**DATA FOR ANALYSIS**
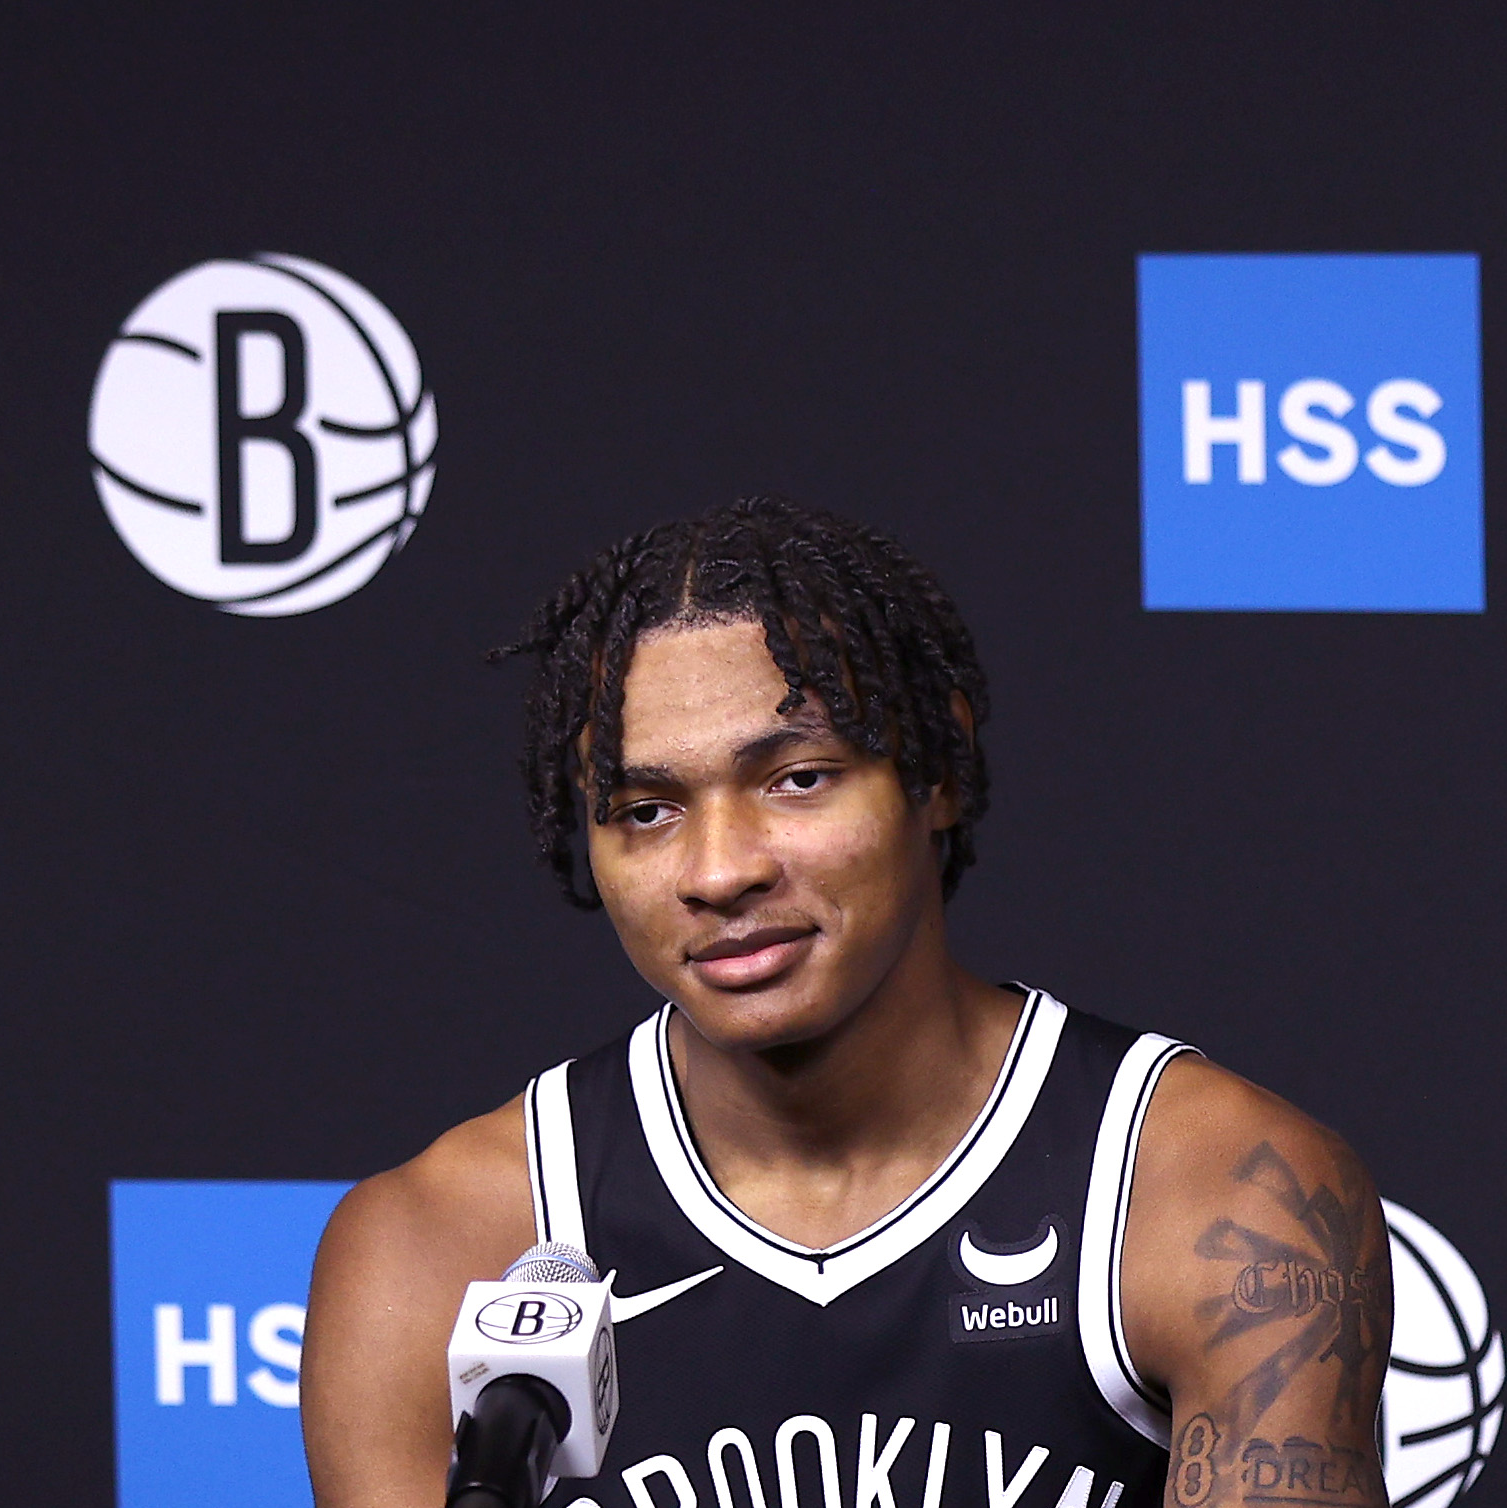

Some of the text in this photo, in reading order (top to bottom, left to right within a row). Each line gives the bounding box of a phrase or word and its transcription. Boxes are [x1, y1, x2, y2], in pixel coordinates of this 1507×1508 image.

[216, 311, 320, 564] B
[1181, 377, 1448, 488] HSS
[510, 1300, 547, 1336] B
[961, 1297, 1059, 1332] Webull

**PROBLEM DESCRIPTION**
Take every line of the material and copy it exactly, leaving out the pictures.

**WRITTEN RESPONSE**
Some of the text in this photo, in reading order (top to bottom, left to right within a row). Each line gives the bounding box of a phrase or word and its transcription. Boxes are [x1, y1, x2, y2], in pixel coordinates of this 1507×1508 image.

[216, 311, 320, 564] B
[1181, 377, 1448, 488] HSS
[510, 1300, 547, 1336] B
[961, 1297, 1059, 1332] Webull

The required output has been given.